> **Supplied records**
□ □ □

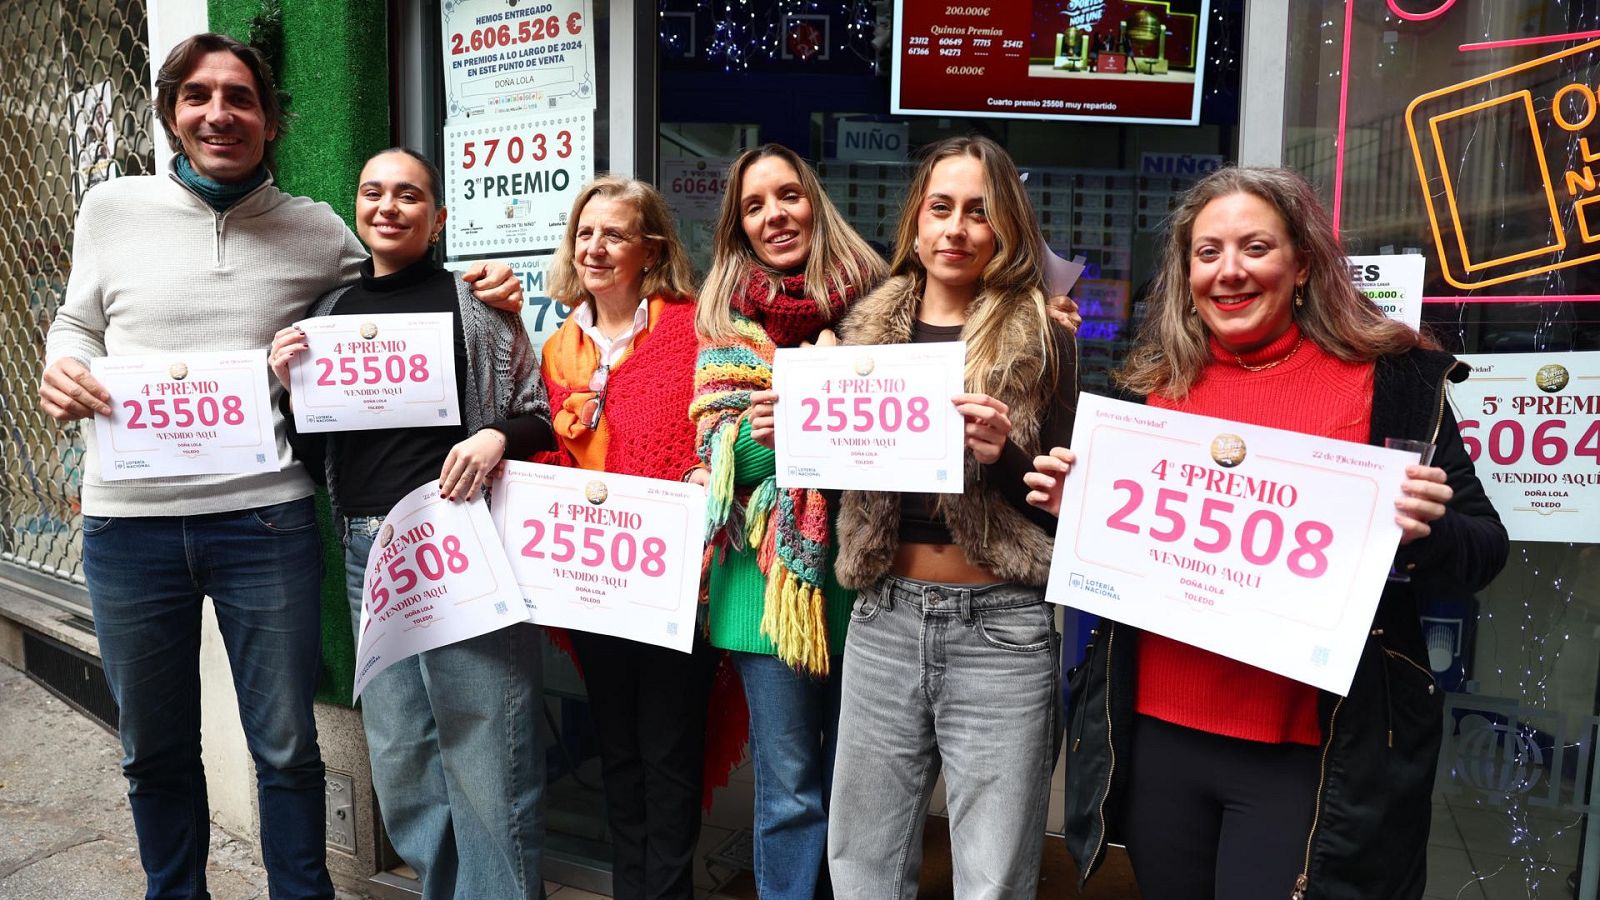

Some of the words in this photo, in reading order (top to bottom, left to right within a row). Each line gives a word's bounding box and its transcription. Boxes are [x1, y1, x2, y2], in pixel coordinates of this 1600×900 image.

[476, 13, 502, 25] HEMOS
[505, 4, 552, 20] ENTREGADO
[452, 16, 560, 55] 2.606.526
[567, 12, 582, 34] €
[930, 25, 966, 36] Quintos
[967, 26, 1003, 36] Premios
[939, 38, 962, 46] 60649
[452, 61, 462, 69] EN
[464, 54, 498, 67] PREMIOS
[507, 51, 516, 60] LO
[520, 47, 545, 58] LARGO
[561, 41, 582, 51] 2024
[480, 65, 496, 74] ESTE
[498, 61, 524, 72] PUNTO
[526, 59, 536, 68] DE
[538, 54, 564, 66] VENTA
[495, 78, 514, 88] DOÑA
[516, 76, 534, 85] LOLA
[988, 98, 1012, 106] Cuarto
[1042, 100, 1064, 108] 25508
[1065, 102, 1082, 110] muy
[1083, 102, 1117, 110] repartido
[845, 128, 900, 150] NIÑO
[462, 130, 572, 170] 57033
[484, 168, 570, 198] PREMIO
[348, 340, 406, 354] PREMIO
[316, 354, 430, 386] 25508
[157, 381, 218, 395] PREMIO
[838, 378, 906, 394] PREMIO
[123, 396, 244, 430] 25508
[801, 396, 930, 432] 25508
[830, 438, 870, 446] VENDIDO
[1336, 454, 1384, 470] Diciembre
[1180, 463, 1298, 508] PREMIO
[1492, 472, 1558, 484] VENDIDO
[568, 504, 642, 530] PREMIO
[1106, 479, 1334, 578] 25508
[375, 522, 435, 574] PREMIO
[521, 518, 666, 578] 25508
[1150, 548, 1216, 576] VENDIDO
[553, 568, 598, 582] VENDIDO
[1086, 578, 1114, 592] LOTERÍA
[363, 535, 470, 636] 5508
[1084, 586, 1120, 600] NACIONAL
[1180, 578, 1202, 589] DOÑA
[1204, 584, 1224, 595] LOLA
[378, 594, 422, 622] VENDIDO
[1184, 592, 1214, 606] TOLEDO
[404, 610, 420, 618] DOÑA
[412, 614, 433, 624] TOLEDO
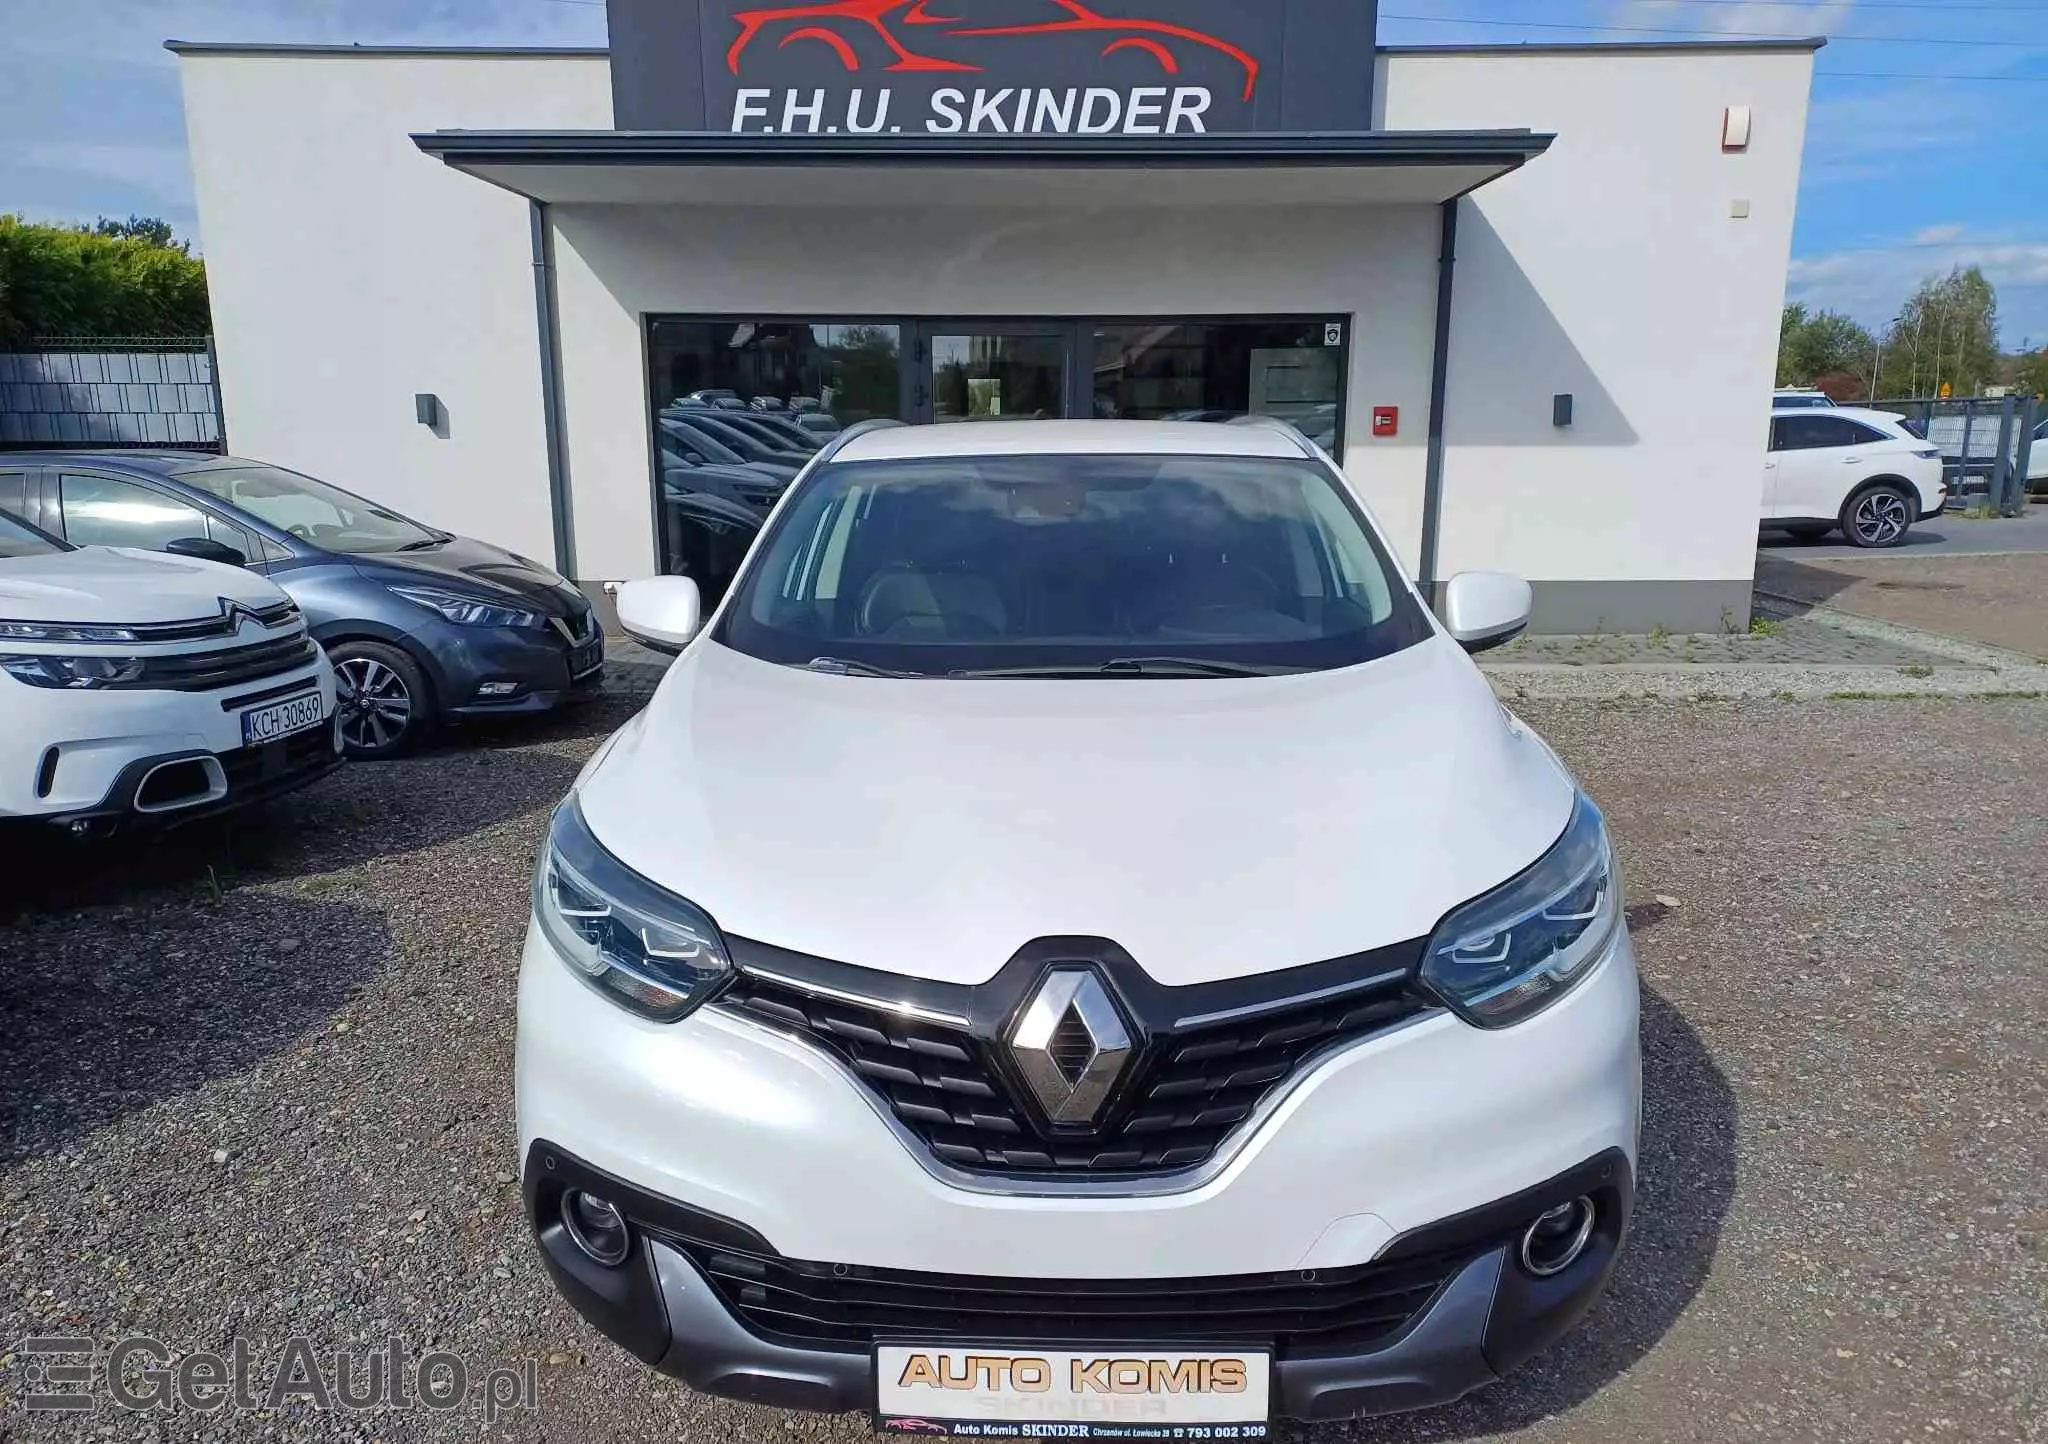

□ □ □

> **Exercise directions**
Each line of the listing that contains the word "TOLEDO" must be copied.

> **Reply to the task**
[1184, 592, 1214, 606] TOLEDO
[412, 614, 433, 624] TOLEDO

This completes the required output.